Programming for Librarians: Where to begin
This guide aims to provide library professionals with some guidance on how and where to begin their journey into learning a programming language.
TBD, TBD
Introduction
Even just a little bit of programming knowledge can bring huge efficiencies to the work of library professionals. Librarians can use code to solve problems, automate tasks, analyse data, and explore new tools for curating, collecting, and conducting research into our digital collections and data. And though many of these tasks could be done manually, it is often far more efficient to develop or make use of existing computer code to perform such tasks, particularly those which are by their nature highly repetitive. It can be very helpful for librarians, because of this, to become proficient in a programming language. Examples of programming languages include Python, R, Java, Perl or PHP.
What is “programming”?
Programming can be described as the process of using computers to address specific problems. Computer programs consist of a sequence of statements which explain how an activity can be automated. Programming languages generally implement a certain algorithm. An algorithm is an explicit and unambiguous description of the steps that need to be followed to arrive at a well-defined end result. The algorithm constitutes the logic of the program. The statements or commands in a programming language also need to be expressed in a format that computers can understand. They need to be expressed using a syntax, which prescribes how words, numbers, and punctuation marks ought to be used.

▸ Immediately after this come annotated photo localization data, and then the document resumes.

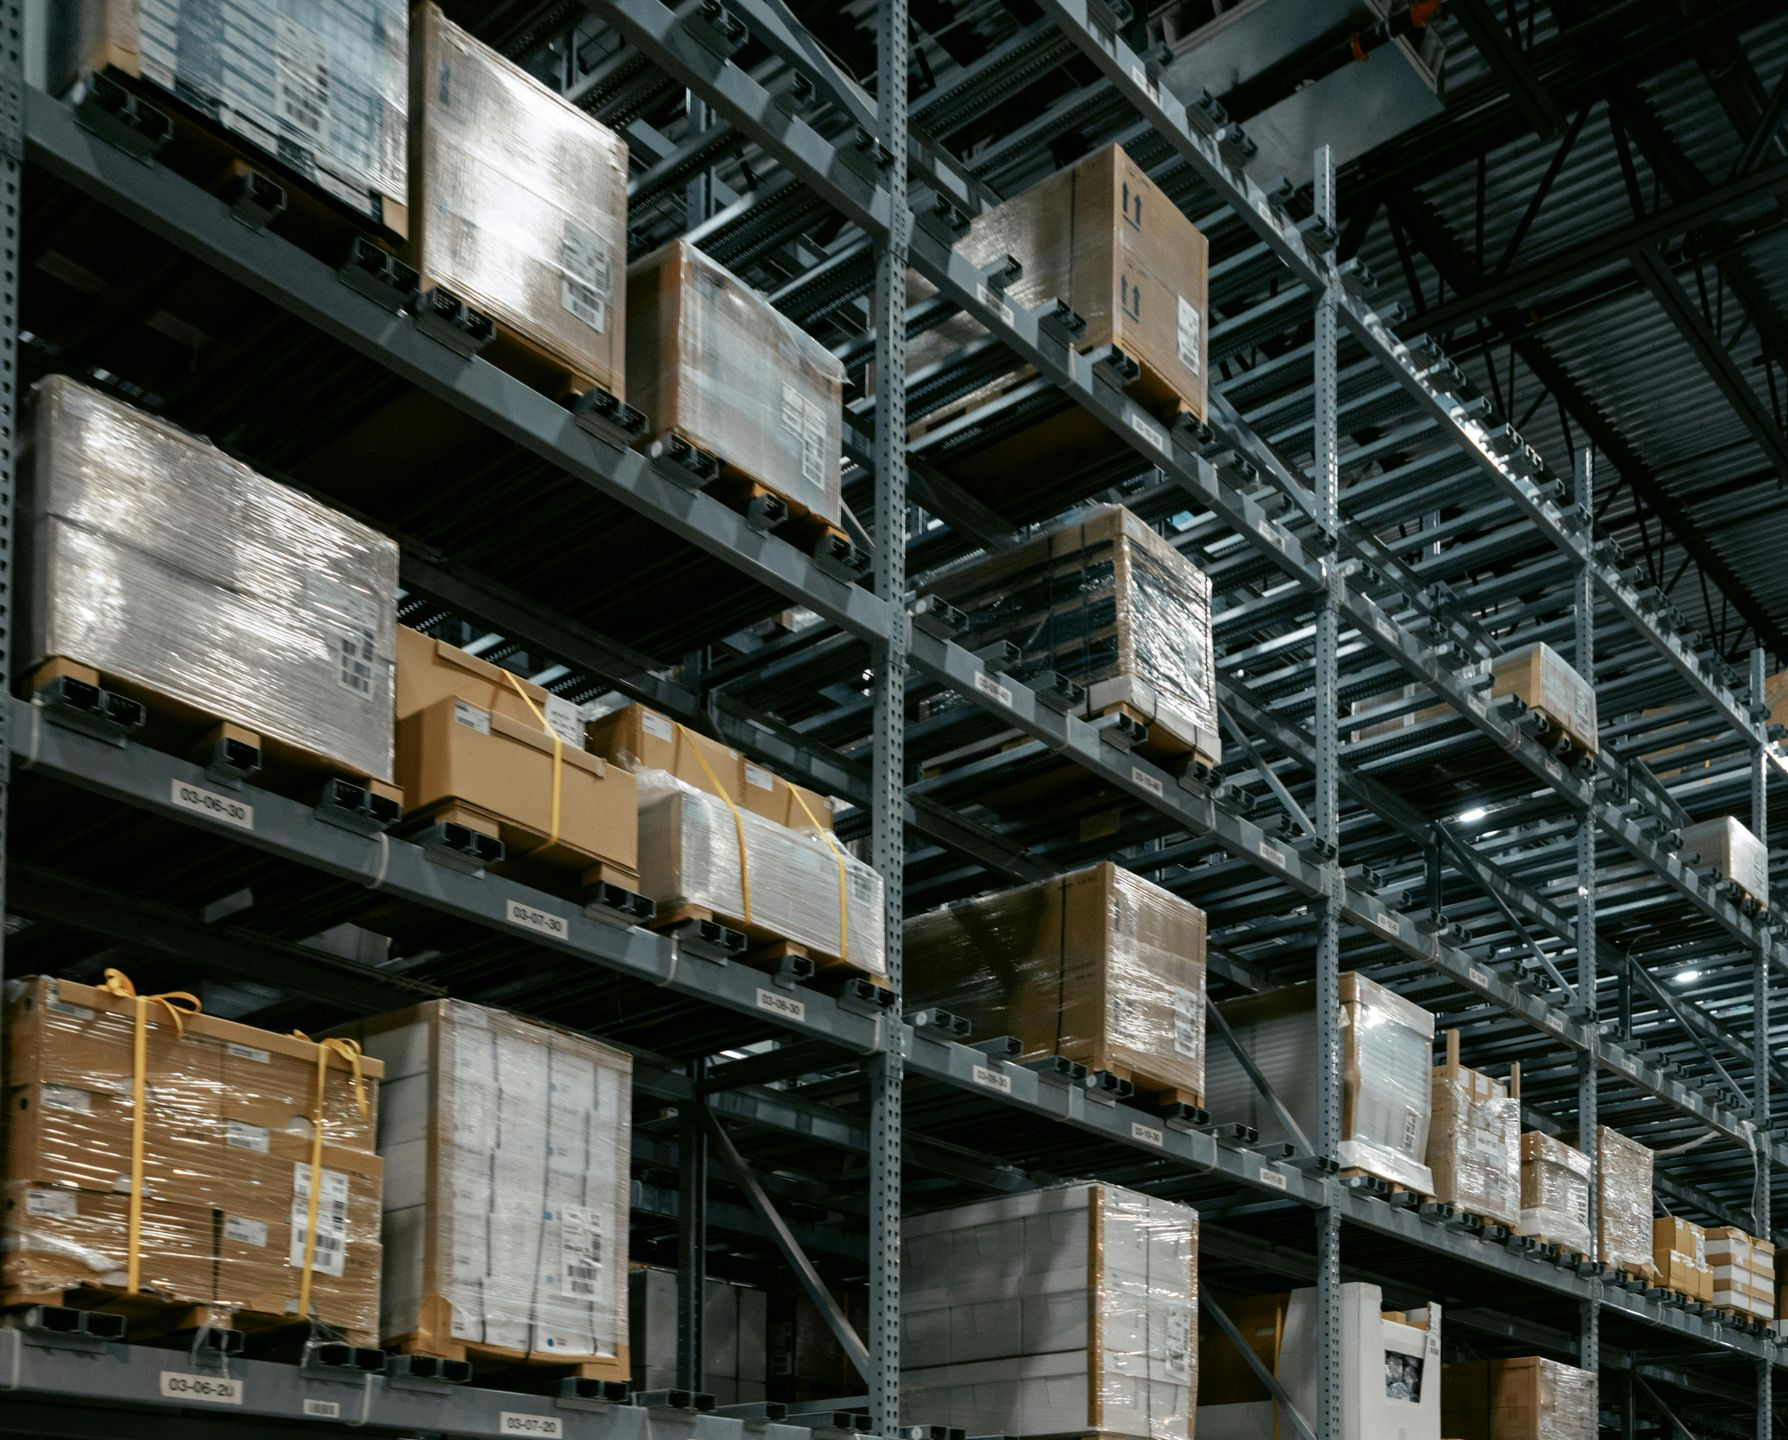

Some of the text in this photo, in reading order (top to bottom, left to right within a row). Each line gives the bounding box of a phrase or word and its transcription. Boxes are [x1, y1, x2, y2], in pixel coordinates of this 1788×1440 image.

[180, 787, 245, 820] 03-06-30
[513, 906, 562, 933] 03-07-30
[761, 993, 800, 1015] 03-08-30
[169, 1378, 235, 1397] 03-06-20
[507, 1417, 556, 1433] 03-07-20
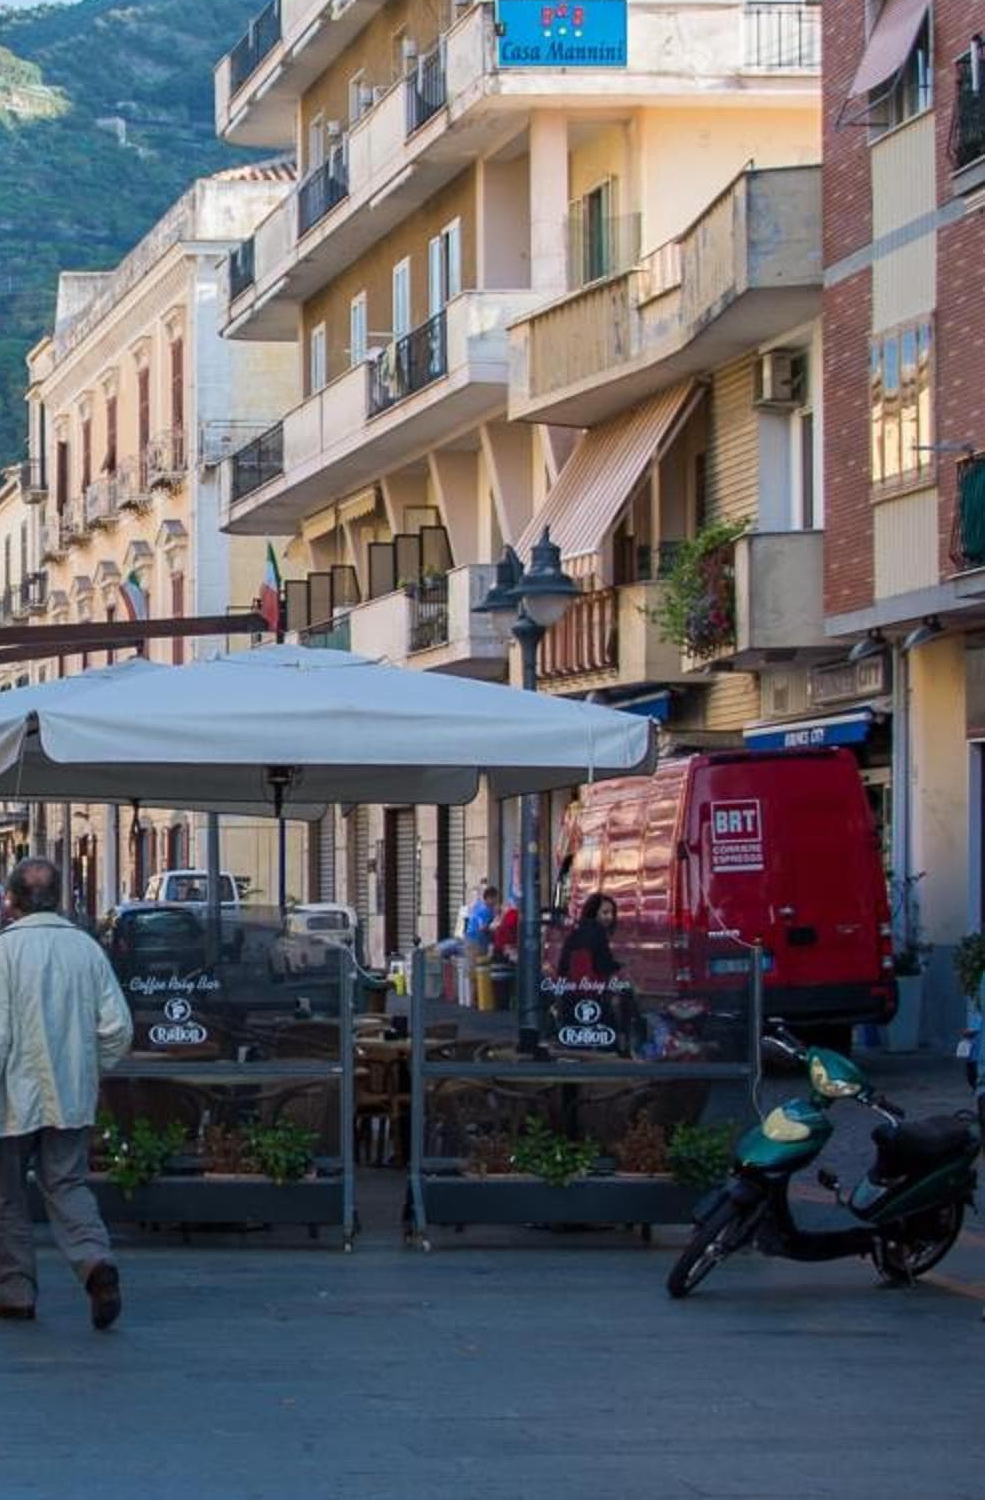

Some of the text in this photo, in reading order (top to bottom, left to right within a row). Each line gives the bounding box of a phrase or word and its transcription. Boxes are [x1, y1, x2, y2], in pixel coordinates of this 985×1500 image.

[501, 40, 625, 61] Casa Mannini
[715, 809, 756, 833] BRT
[712, 843, 762, 855] CORRIERE
[713, 853, 763, 864] ESPRESSO
[130, 976, 167, 995] Coffee
[197, 975, 221, 989] Bar
[540, 976, 577, 995] Coffee
[608, 975, 631, 989] Bar
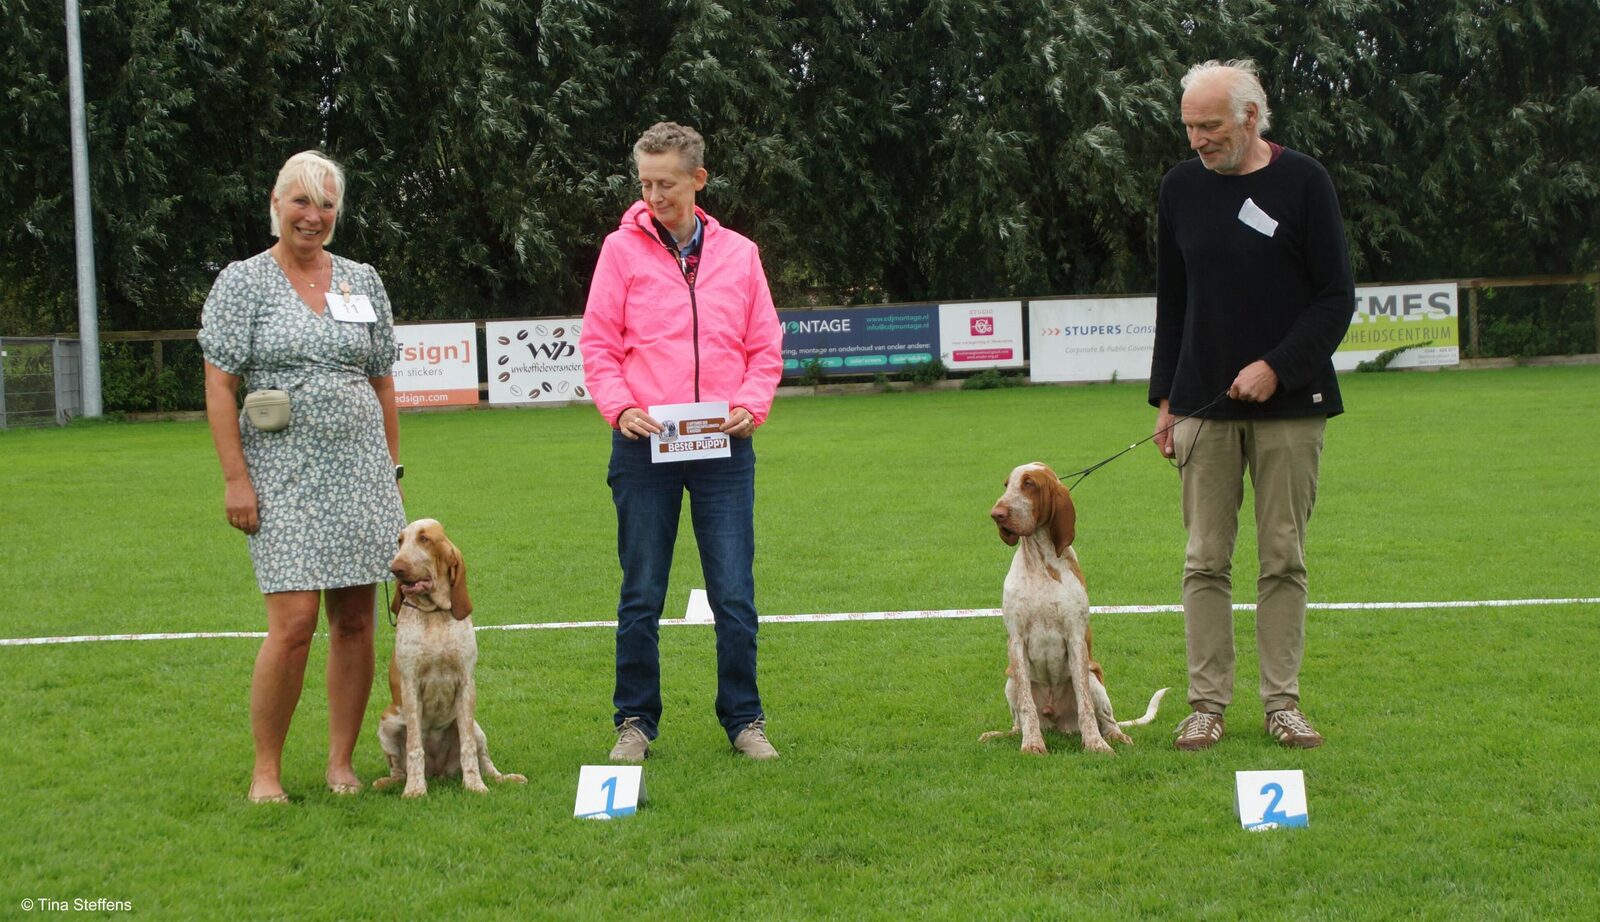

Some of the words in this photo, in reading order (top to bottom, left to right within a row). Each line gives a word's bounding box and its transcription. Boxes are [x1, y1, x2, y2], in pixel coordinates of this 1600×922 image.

[1065, 325, 1121, 336] STUPERS
[838, 344, 873, 353] onderhoud
[407, 366, 444, 377] stickers
[601, 776, 617, 817] 1
[1260, 782, 1286, 823] 2
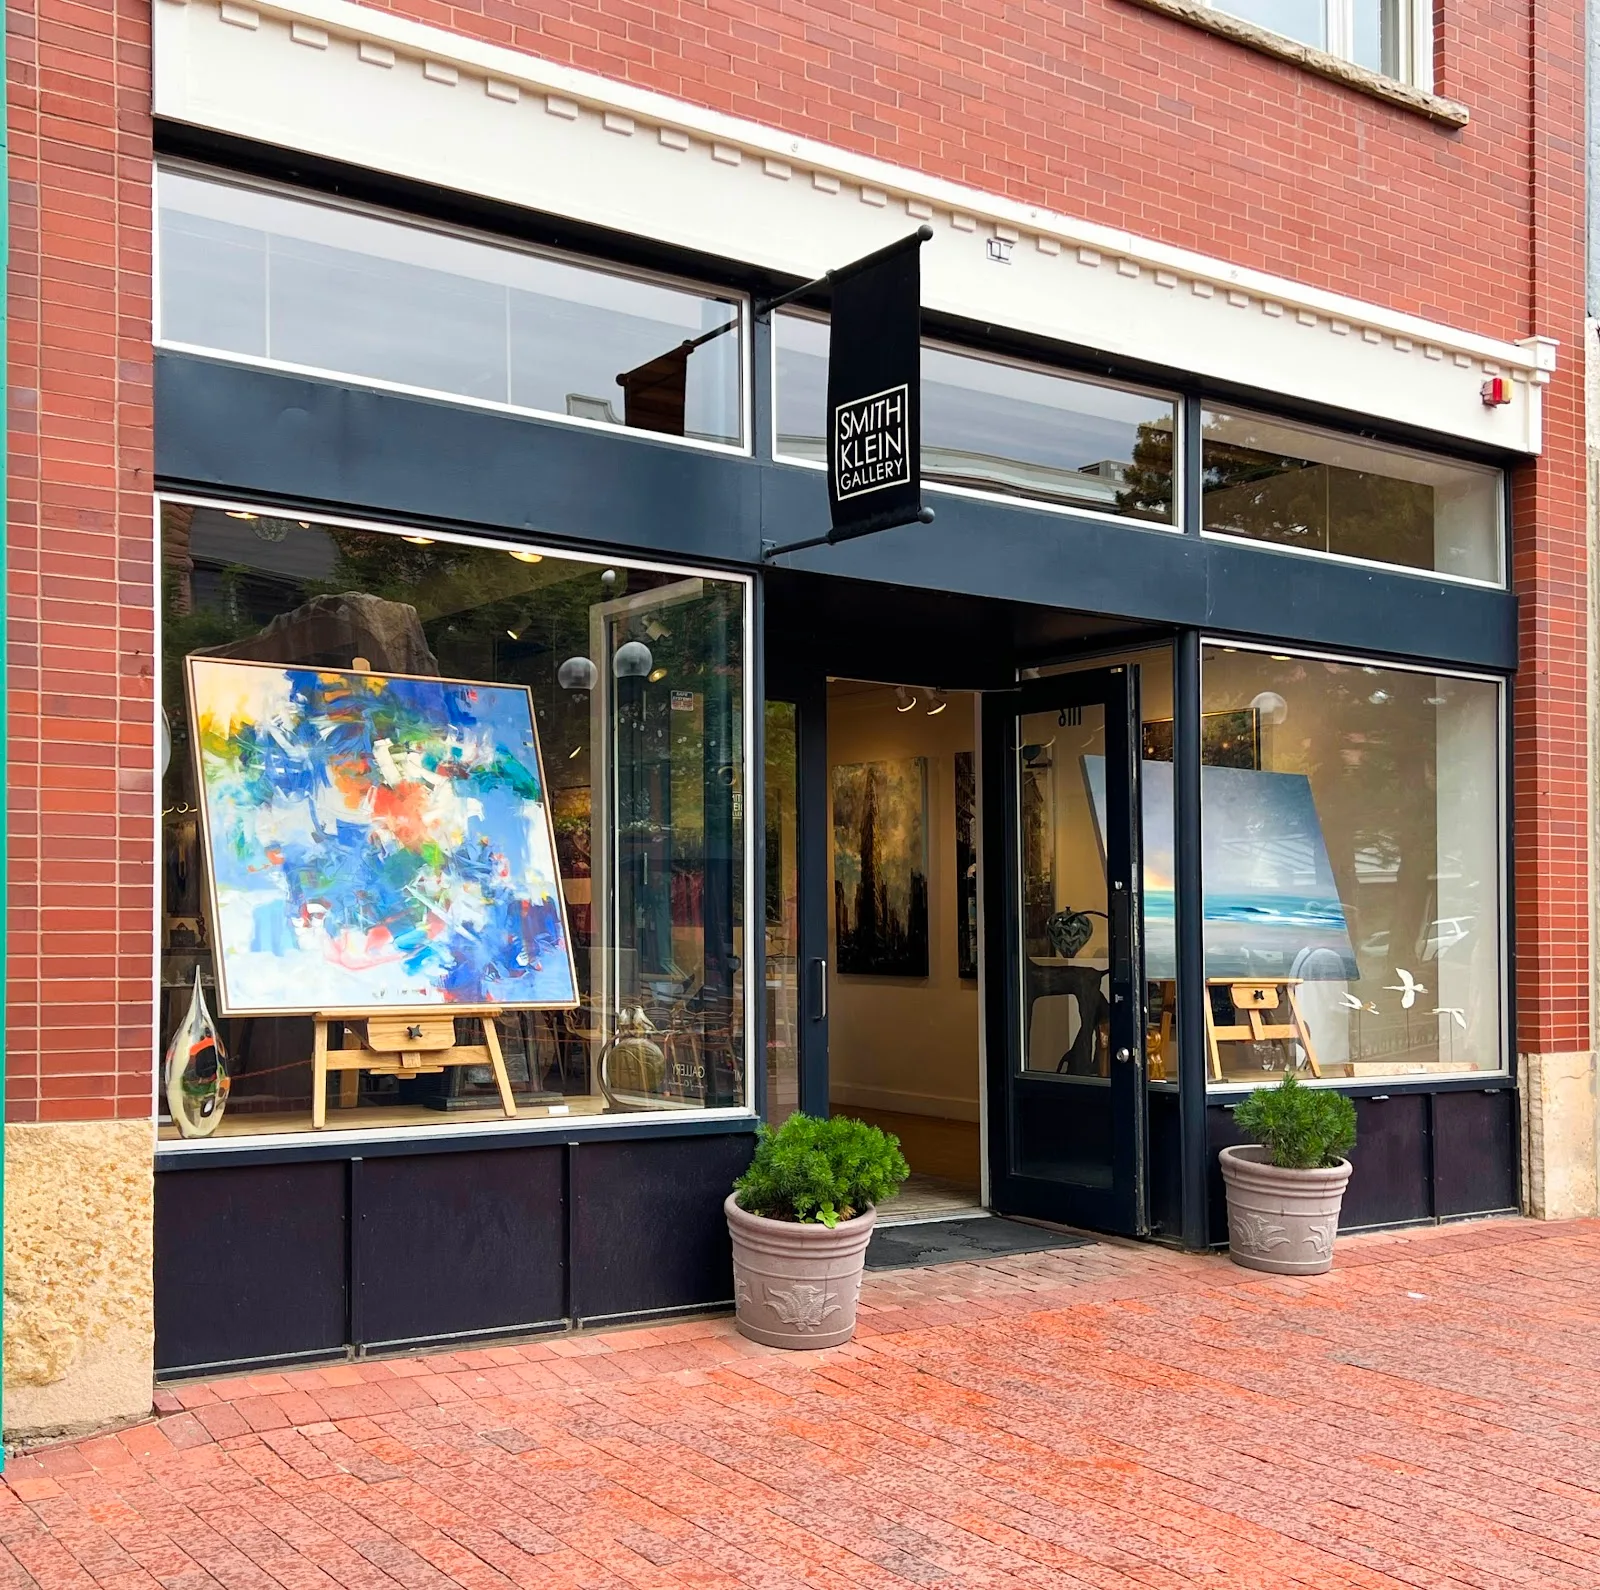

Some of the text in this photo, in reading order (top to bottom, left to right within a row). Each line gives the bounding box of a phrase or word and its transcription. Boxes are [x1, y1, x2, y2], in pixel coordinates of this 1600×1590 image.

There are a number of different languages in which you can write computer code. While it is difficult to find reliable data about this, it feels safe to claim that Python and R are currently the most widely used languages for experimentation and automation in the library sector. When you start learning how to program, it is probably best to focus on one language initially and to develop skills in one specific programming language. It must be stressed, however, that when you develop your expertise in one concrete language, this will inevitably help you to improve your computational thinking and to broaden your understanding of how programming languages function in general. Once you have learned about the nuts and bolts of one language, it becomes much easier to gain mastery over another language.
Which programming language should you focus on? Python vs R?
Python, firstly, is a free and open source, general purpose language. It is widely used to carry out data science tasks, such as cleaning, enriching, analysing and visualising data, and as a ‘glue’ language to create interfaces to ‘stick’ other software together. Python makes use of a sparse, readable and intuitive syntax, and this makes the language relatively easy to learn for beginners. Within the Python community, numerous code libraries have been shared which extend the basic functionalities of the language.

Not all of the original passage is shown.